Many eyewitness reports also came on for example blogs and photo sharing sites like Flickr. Blogs like Mumbai Help aggregated news reports and important phone numbers. And 27-year-old Vinukumar Rangnathan posted more than a hundred photos on Flickr which were viewed hundreds of thousands of times by people around the world. Some of them were even used by media outlets such as CNN.

“I have been getting mails from several news channels and websites who wanted to host my pictures. I agreed,” he said.

A search for photos tagged with “Mumbai” can be found here.

While there are many benefits of this kind of citizen reporting, one should also use them with caution. A lot of rumours are circulating and this morning I noticed two tweets following right after each other were the first said that there were probably no ties to Al-Qaida, the second said the ties to Al-Qaida had now been confirmed. At one point yesterday, many messages on Twitter suddenly reported that the Indian government had asked people to stop tweeting about military operations in the area. The source of these rumours seemed to be a message from Twitter user Mumbaiupdates.

mumbai_stop_tweeting

Blogger Amy Gahran decided to try to track the source of this widely reported rumour and found out that the person behind the twitter account was not actually in Mumbai, but a high school junior based in Boston named Mark Bao. In an email to Garhan he explains the origins of his post.

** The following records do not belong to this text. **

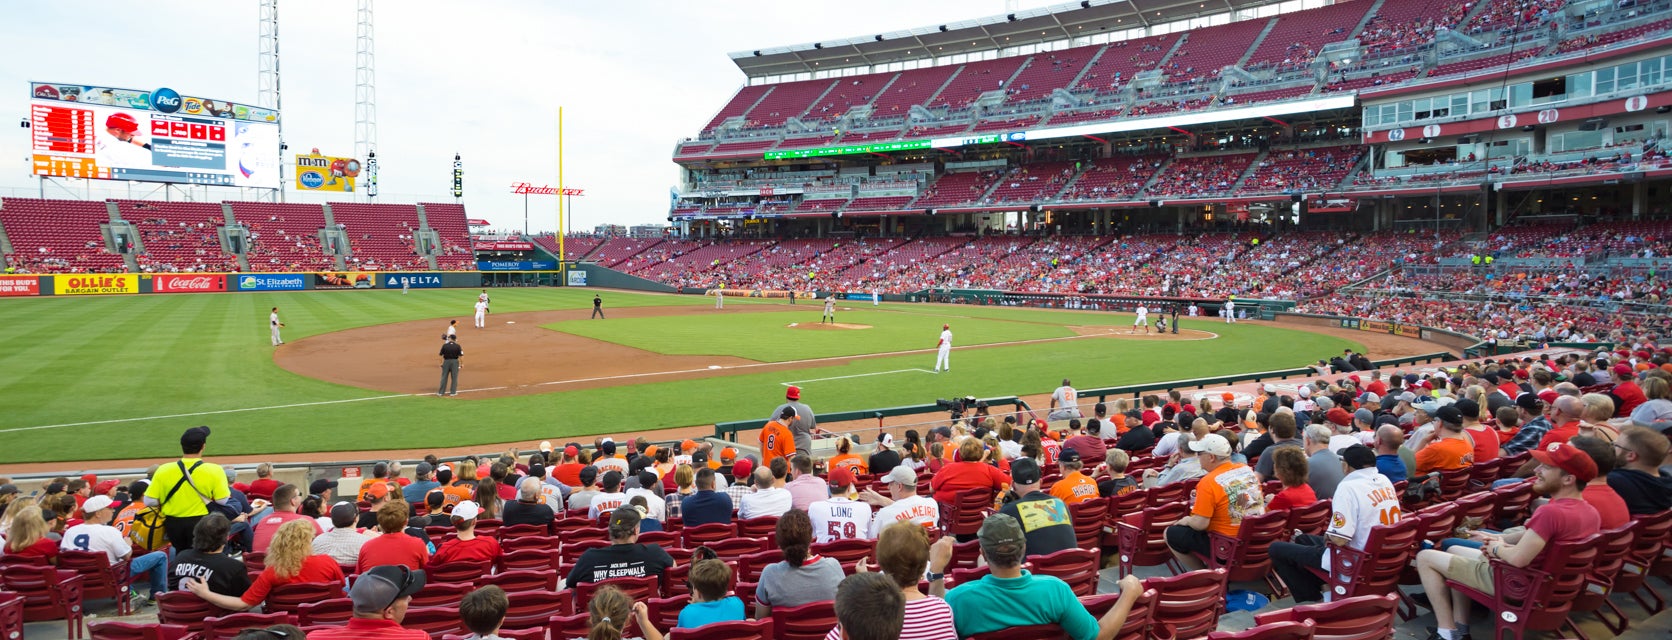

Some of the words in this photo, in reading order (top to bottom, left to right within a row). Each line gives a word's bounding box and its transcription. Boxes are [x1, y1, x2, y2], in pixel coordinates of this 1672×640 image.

[157, 96, 179, 106] P&G
[185, 101, 201, 110] Tide
[1503, 115, 1511, 127] 5
[1540, 110, 1556, 123] 20
[1390, 129, 1402, 140] 42
[1428, 125, 1435, 137] 1
[267, 277, 302, 286] Elizabeth
[401, 276, 440, 284] DELTA
[767, 434, 775, 450] 8
[830, 507, 852, 518] LONG
[895, 505, 936, 522] PALMEIRO
[73, 533, 90, 551] 9
[176, 563, 213, 582] RIPKEN
[593, 570, 607, 579] WHY
[608, 566, 645, 578] SLEEPWALK
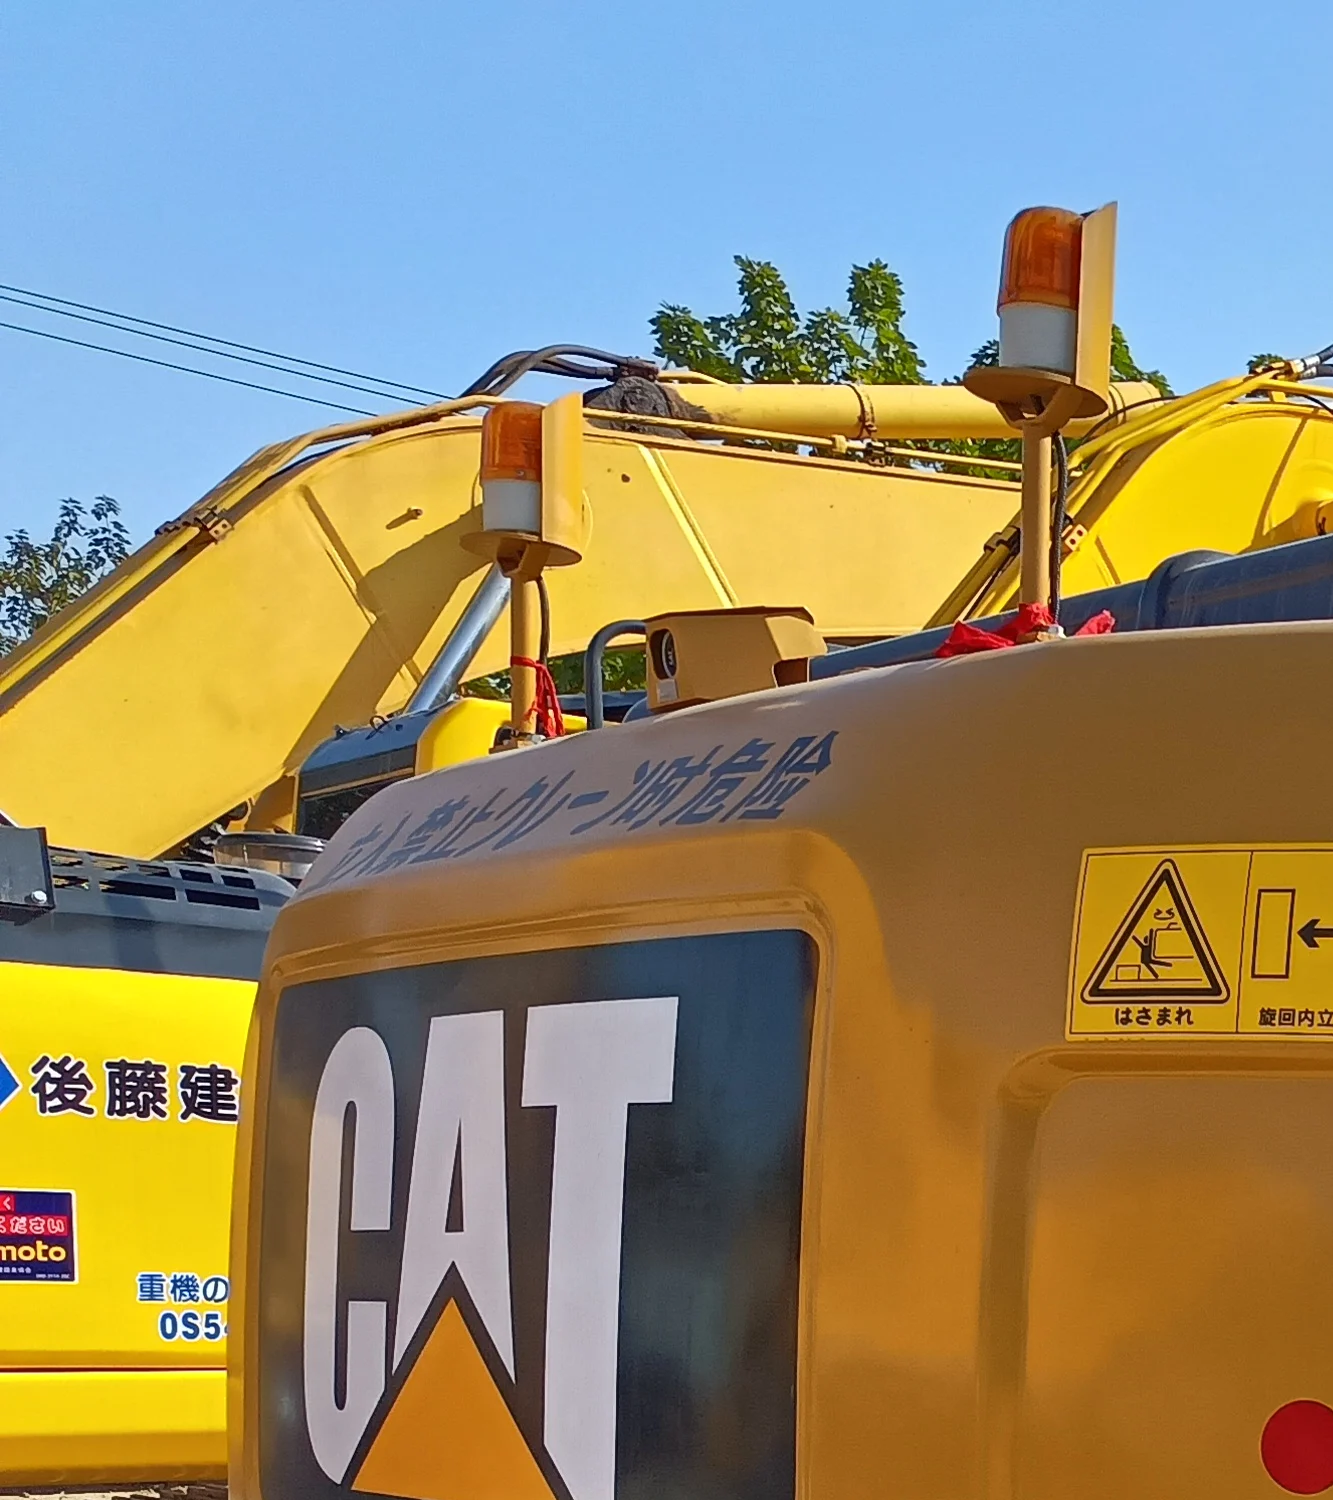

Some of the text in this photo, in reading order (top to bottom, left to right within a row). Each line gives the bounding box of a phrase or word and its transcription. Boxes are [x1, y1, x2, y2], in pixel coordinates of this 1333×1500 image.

[1115, 1006, 1194, 1027] はさまれ
[31, 1055, 239, 1122] 後藤建
[138, 1274, 229, 1303] 重機の
[159, 1312, 229, 1340] 0S5
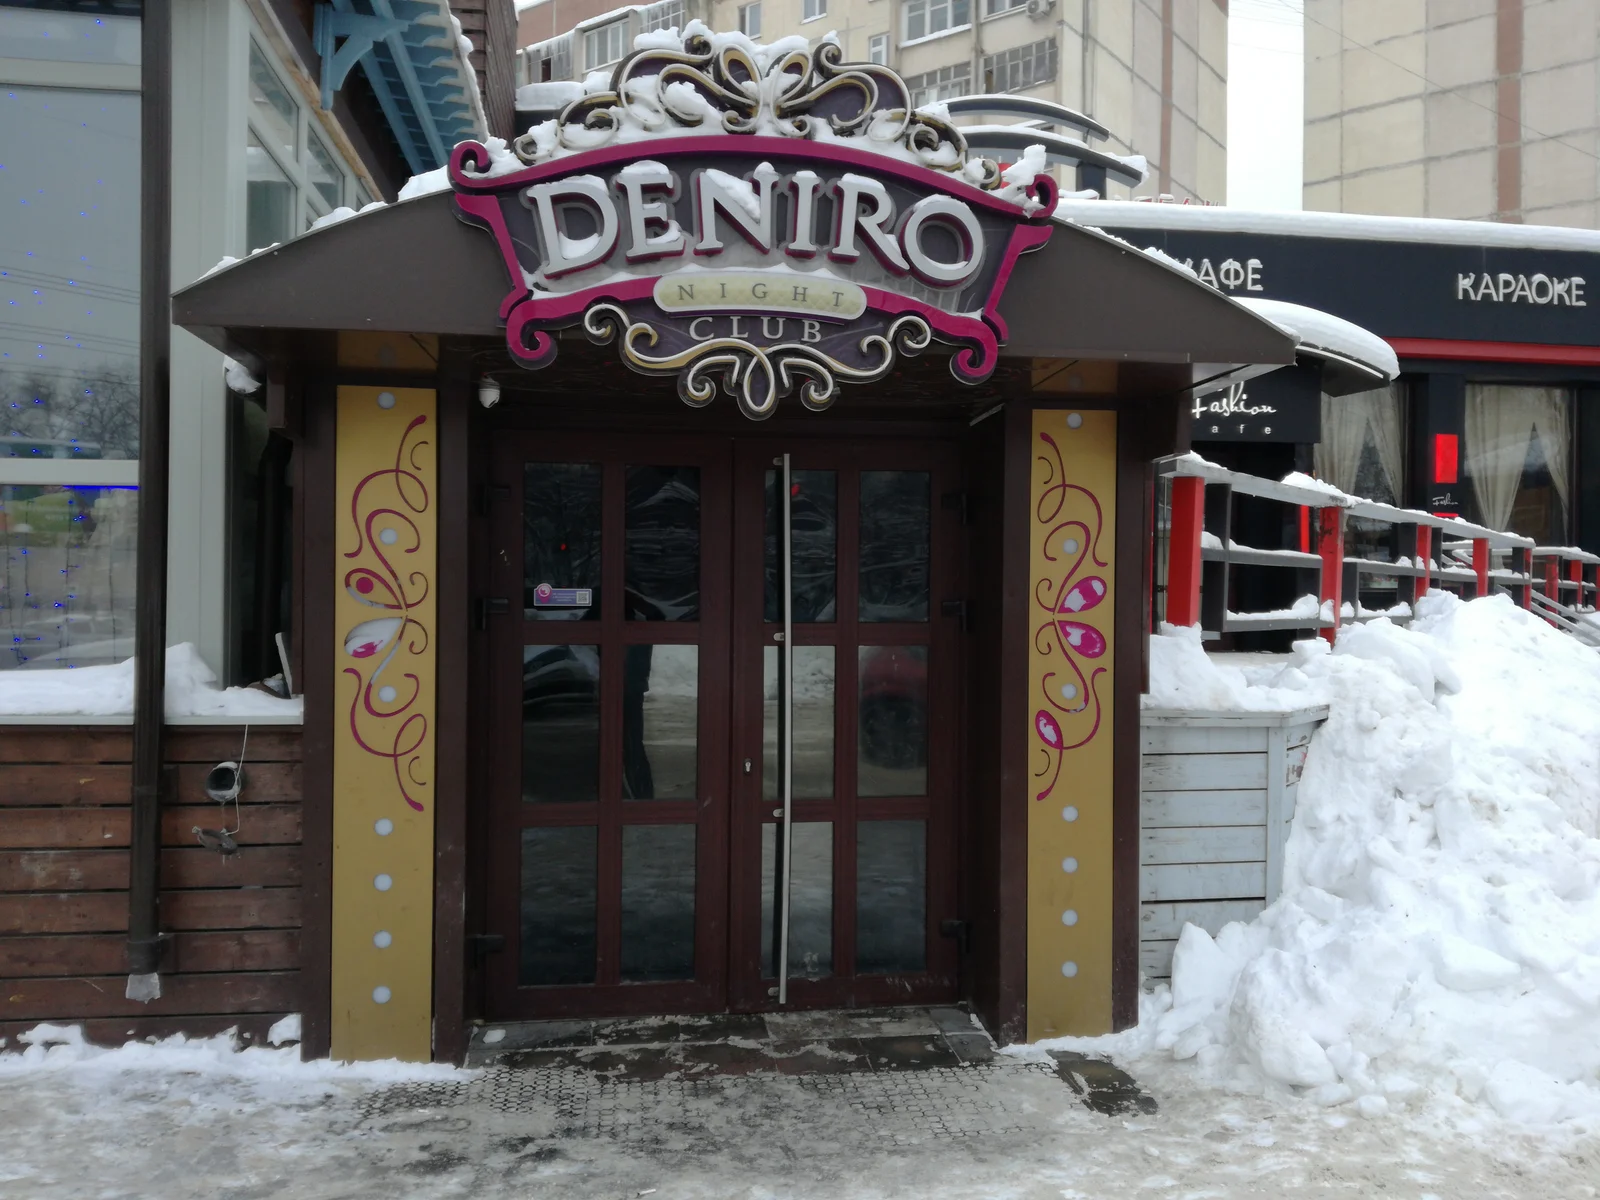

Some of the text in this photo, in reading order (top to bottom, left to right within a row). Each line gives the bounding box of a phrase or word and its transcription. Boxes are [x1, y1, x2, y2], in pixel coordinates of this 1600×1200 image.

[528, 162, 984, 283] DENIRO
[677, 282, 844, 307] NIGHT
[1458, 272, 1587, 306] КАРАОКЕ
[688, 316, 822, 343] CLUB
[1211, 424, 1272, 435] afe
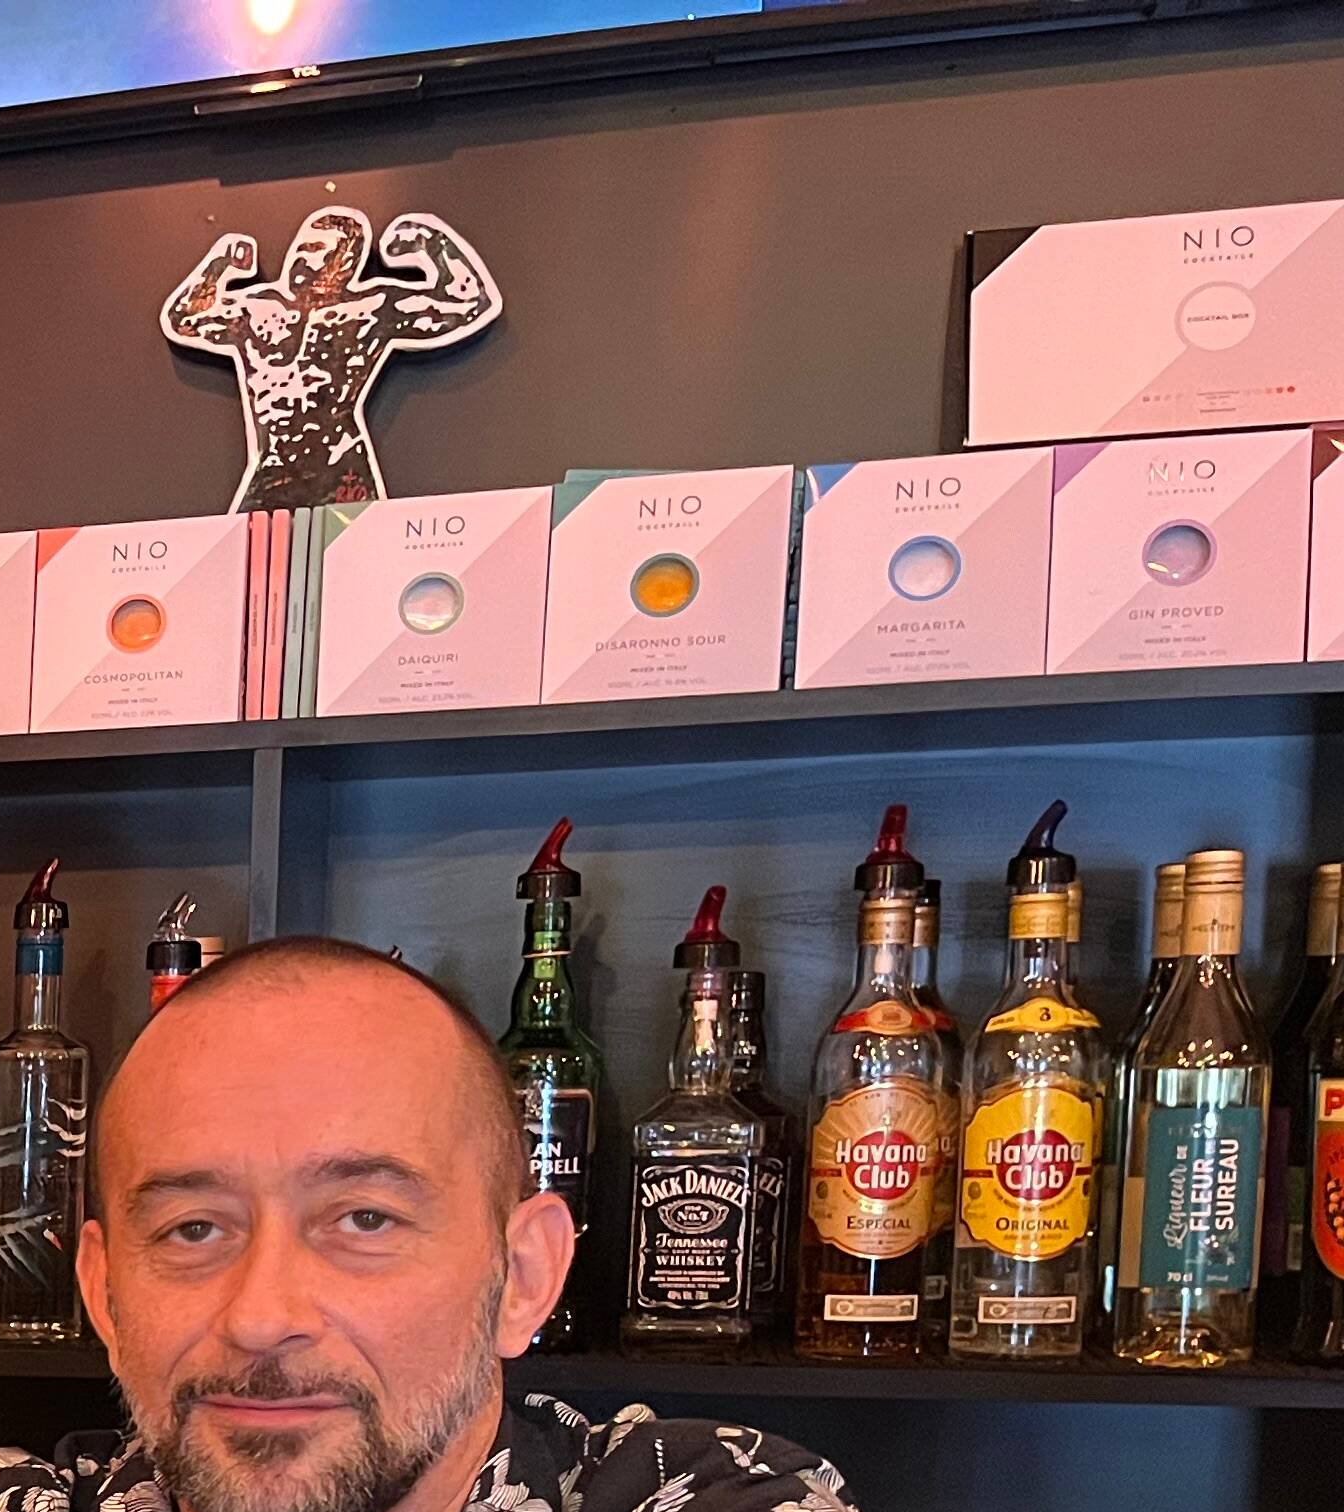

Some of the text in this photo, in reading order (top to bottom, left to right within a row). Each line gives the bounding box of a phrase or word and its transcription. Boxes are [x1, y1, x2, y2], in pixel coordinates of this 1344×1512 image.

[1183, 225, 1255, 252] NIO
[1149, 459, 1216, 484] NIO
[895, 477, 961, 501] NIO
[639, 495, 702, 519] NIO
[406, 515, 466, 538] NIO
[112, 541, 168, 562] NIO
[1128, 605, 1225, 621] GIN PROVED
[876, 619, 966, 634] MARGARITA
[595, 634, 727, 652] DISARONNO SOUR
[398, 652, 459, 666] DAIQUIRI
[83, 671, 184, 685] COSMOPOLITAN
[835, 1138, 928, 1164] Havana
[987, 1138, 1083, 1164] Havana
[641, 1169, 752, 1208] JACK DANIEL'S
[853, 1164, 911, 1189] Club
[1004, 1164, 1065, 1190] Club
[1214, 1138, 1240, 1231] SUREAU
[1162, 1163, 1188, 1250] Liqueur
[1188, 1157, 1214, 1234] FLEUR
[846, 1215, 912, 1230] ESPECIAL
[995, 1216, 1070, 1231] ORIGINAL
[655, 1232, 729, 1248] Tennessee
[655, 1255, 726, 1266] WHISKEY

“The rumour started on via another twitter post that retweeted from another person that was a trusted source IN mumbai. Later, it was confirmed on video that the police wanted live updates of the operations to be stopped, though they did not mention the hashtag #Mumbai, though they asked media outlets to stop reporting live.

The purpose of [the MumbaiUpdates] stream was to disseminate info from the CNN-IBN, NDTV and those twittering from Mumbai. With any news reporting and re-reporting it’s possible errors got in the way. I’m sorry if it caused any confusion.

If anything, even if NDTV and CNN-IBN were still reporting, it is best practice, and I think justified, to stop tweeting and disseminate more information on the operation that could be spread and could be useful to those that we don’t want to let know the info.”

So there is still no evidence that any Indian authorities have demanded that people should stop tweeting about specific stories in Mumbai. Read Amy Gahran’s full post, it is quite interesting.

More about the role of social media in the terrorist attacks in Mumbai can be found here:
Journalism.co.uk
India eNews
Ohsohightech (in Swedish)
Same Same but Different (in Swedish)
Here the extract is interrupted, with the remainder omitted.